Opinion & Commentary

Apologise but allow adoption

Jeremy Sammut | The Australian | 19 March 2013

MANY Australians believe that the national apology for forced adoption, to be delivered on Thursday in the federal parliament, is overdue.

From the 1950s until the mid-70s, approximately 150,000 babies of unwed (mostly teenage) mothers were adopted by childless married couples.

The sentiments behind the national apology are good-hearted, and the aim is to acknowledge the pain and suffering some separated mothers and their children experienced.

Many vulnerable young women were traumatised by the harsh treatment they received.

However, the nation is in danger of practising the easy moralism that condemns previous generations for the sins of forced adoption, while ignoring contemporary policies that are toxic for child welfare.

The national apology has broader implications. There is a real danger that the parliament, in reaction to past forced adoption practices, will misguidedly reinforce the taboo that exists on adoption in child protection circles, and endorse the over-emphasis on supporting, not separating, the increasing number of problem families in which serious concerns are held for child wellbeing and safety.

Rates of child maltreatment have spiralled in recent decades.

State and territory child protection services have failed to respond appropriately to the child protection crisis. Child protection social workers give priority to supporting even highly dysfunctional parents via taxpayer-funded social service interventions in an often futile effort to address the serious and hard-to-resolve issues that impede proper parenting (welfare dependence, single-parenthood, substance abuse, domestic violence and mental illness).

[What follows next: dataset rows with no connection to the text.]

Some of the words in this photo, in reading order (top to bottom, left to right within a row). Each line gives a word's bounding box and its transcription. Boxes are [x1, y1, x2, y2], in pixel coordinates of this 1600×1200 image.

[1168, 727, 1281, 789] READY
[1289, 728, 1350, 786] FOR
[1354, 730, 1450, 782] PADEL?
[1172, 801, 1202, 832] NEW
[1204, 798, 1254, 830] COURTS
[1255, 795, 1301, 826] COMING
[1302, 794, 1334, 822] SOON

The emphasis placed on "family preservation" at nearly all costs profoundly harms children by both prolonging the time children spend in the custody of abusive or neglectful parents, and the time they spend languishing in foster care placements while awaiting family reunions that are highly prone to breakdown.

This reflects the social work profession's desire not to repeat perceived historic wrongs.

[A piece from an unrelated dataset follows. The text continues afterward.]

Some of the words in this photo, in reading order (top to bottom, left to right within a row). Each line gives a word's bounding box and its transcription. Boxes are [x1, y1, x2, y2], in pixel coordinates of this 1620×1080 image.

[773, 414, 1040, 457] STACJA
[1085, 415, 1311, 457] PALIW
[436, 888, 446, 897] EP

Taking legal action to permanently remove children and provide safe and stable homes by adoption into suitable families is taboo (despite being a proven and effective child welfare strategy) because this is considered akin to forced adoption policies of previous eras.

Hence in 2010-11, fewer than 200 children were adopted in Australia despite more than 37,000 children being in government-funded care placements. Calls for the national apology have been led by the vocal academic-activists and advocacy groups that form the backbone of the anti-adoption movement in Australia, which uses and abuses the history of forced adoption to promote the idea that all adoptions (including overseas adoption) are wrong and harmful to grief-stricken parents and to identity-deprived children.

The morally intimidating argument is that having heard the stories told by the victims of forced adoption, we should "never again" repeat the same mistakes because unless we learn from the past, the national apology will be undermined.

This is code for persevering with the flawed family preservation policies for children by enfeebling the community response to child maltreatment.

If parliament endorses this position, the national apology could add to the political difficulties faced by state and territory governments interested in using adoption to provide children from highly dysfunctional homes with safe and stable functional families. Policymakers may become even more reluctant to mention the A-word in polite society, lest they be accused of backtracking on the apology and of "stealing" children from parents.

The parliament cannot ignore the politics behind the national apology and implications for child protection policy, which include casting doubt on whether adoption is acceptable and appropriate in 21st-century Australia.

To prevent white-anting the growing support for adoption, the notion that adoptions are inherently harmful and illegitimate should be explicitly rejected as part of the national apology.

The parliament should aim to weaken the taboo on adoption by strongly endorsing the appropriate and beneficial use of adoption to halt the growing scourge of child abuse and neglect.

Parliament should extend the nation's sympathies to those hurt by forced adoption malpractices, but saying sorry must not delegitimise adoption for child protection purposes, or else the national apology will set back the cause of protecting children in this country.

Jeremy Sammut is a research fellow at The Centre for Independent Studies. His report, The Fraught Politics of Saying Sorry for Forced Adoption: Implications for Child Protection Policy in Australia, is being released by the CIS today.